We see her in a teaching role, working at a high school. It's unclear if she still yearns for glory, if she still feels herself reaching for something she'll never attain. The moment when John gets permission to have a sleepover at a friend's house really stuck out to me, because John says "I love you" to his mother, and she doesn't say it back, instead responding to ask him how the play was, seeking external validation for her talents. It paints the picture of a woman who is doing what she can to protect her child, but who never actually wanted motherhood, never mind single motherhood, to be thrust upon her.

And Barry...

Barry won, but he's dead so he doesn't know. Barry got that fantasy reputation, he got absolved of his sins as he requested from God, he got buried with full honors, he got lionized and glorified in film. He wanted to be an actor so he could shape the story of himself, and now somebody else has shaped it quite conveniently for him. That scene we saw of him sitting on the porch swing telling his son about his heroism in the war, that's what Barry was after. He was after someone, somewhere, telling him that he wasn't to blame for his own actions. The whole damn show, he ran from people who tried to tell him to own up. He tried to buy Cousineau's forgiveness, he exploited Sally's own shit to get what he wanted, which was a role as a family man with a wife and son.

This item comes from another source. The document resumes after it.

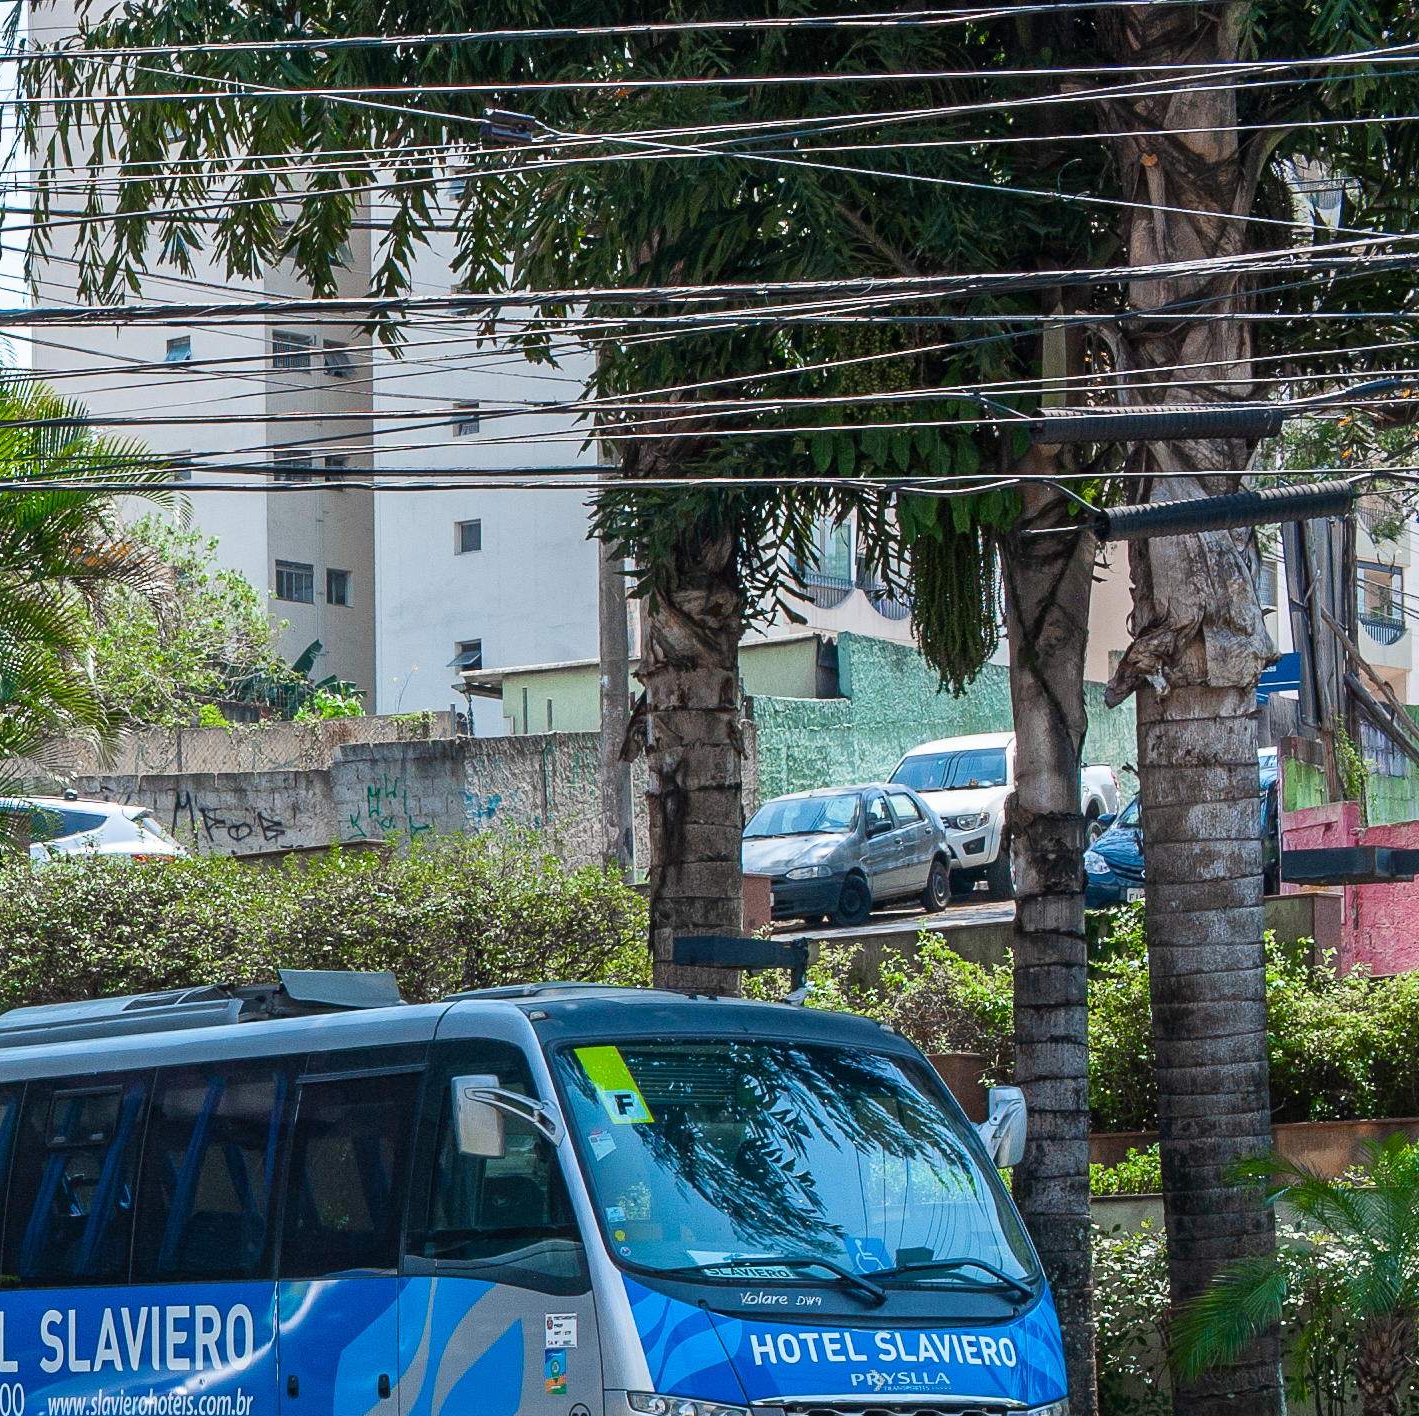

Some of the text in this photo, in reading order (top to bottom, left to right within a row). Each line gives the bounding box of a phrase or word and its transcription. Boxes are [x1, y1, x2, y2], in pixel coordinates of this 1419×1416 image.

And then Sally leaves him, taking John with him, and Barry has a moment where he says he'll turn himself in. It seems like he means it. We've seen him on the cusp of feeling full guilt and responsibility for what he's done in the past, but this is the real deal. And then he gets shot and killed by Gene Cousineau. He's remembered the way he wants to be remembered, but what does it matter?

God, the shot of Cousineau sitting down on his couch while dead Barry sits in the armchair... that was chilling. That's going to stick with me for a long time.

We get our final dose of... can you call it comedy? At the very end, as we watch John getting to see snippets of the movie made about his father's heroic life and tragic death at the hand of the villainous Gene Cousineau. It's a terrible, wooden movie full of god-awful writing and cheesy performances, bizarre and ridiculous and telling a story that bears no resemblance to reality, while using almost identical scene setups and scenarios in certain key spots, to drive home how the narrative was able to get twisted in such a way.

The best part, the most on-the-nose thing, was having Barry give the MacBeth speech in the movie. "Told by an idiot, full of sound and fury, signifying nothing." INDEED. That's indeed the whole damn thing, isn't it???

That shot of John smiling at the movie before it cuts to black is also going to haunt me. He is reassured by this. By his father the hero, his father the victim. Never the bad guy. Barry is immortalized in the very lack of accountability that he always sought, and now we have to wonder what John is walking away from this movie with. A belief that everything his father did was actually okay, because Hollywood tells him so? Potential future alienation from his mother, if Sally dares try to be honest about their past, as she was during that brief moment in which they were Hank's hostages? Ultimately, Barry leaving a son behind in his death was such an important thematic element in this show, because it makes us question which cycles might possibly be broken, and which will continue from here.

This is a brilliant episode of a brilliant show. I'm astounded.

10/10

And to wrap up my over-all feelings on Barry... honestly, this show doesn't really have any major missteps. The things I didn't love about it where personal preference things, mostly around the actual treatment of Hollywood, which sometimes felt like the Whole Point and I was missing something, and other times felt like set dressing I couldn't quite understand. This is a show about the narrative, about how we shape the stories (and lies) we tell to ourselves and to others. I think it succeeds on every possible front when it comes to exploring that theme, and the writing is incredible, the performances brilliant. This gets pretty damn close to a perfect score from me, y'all.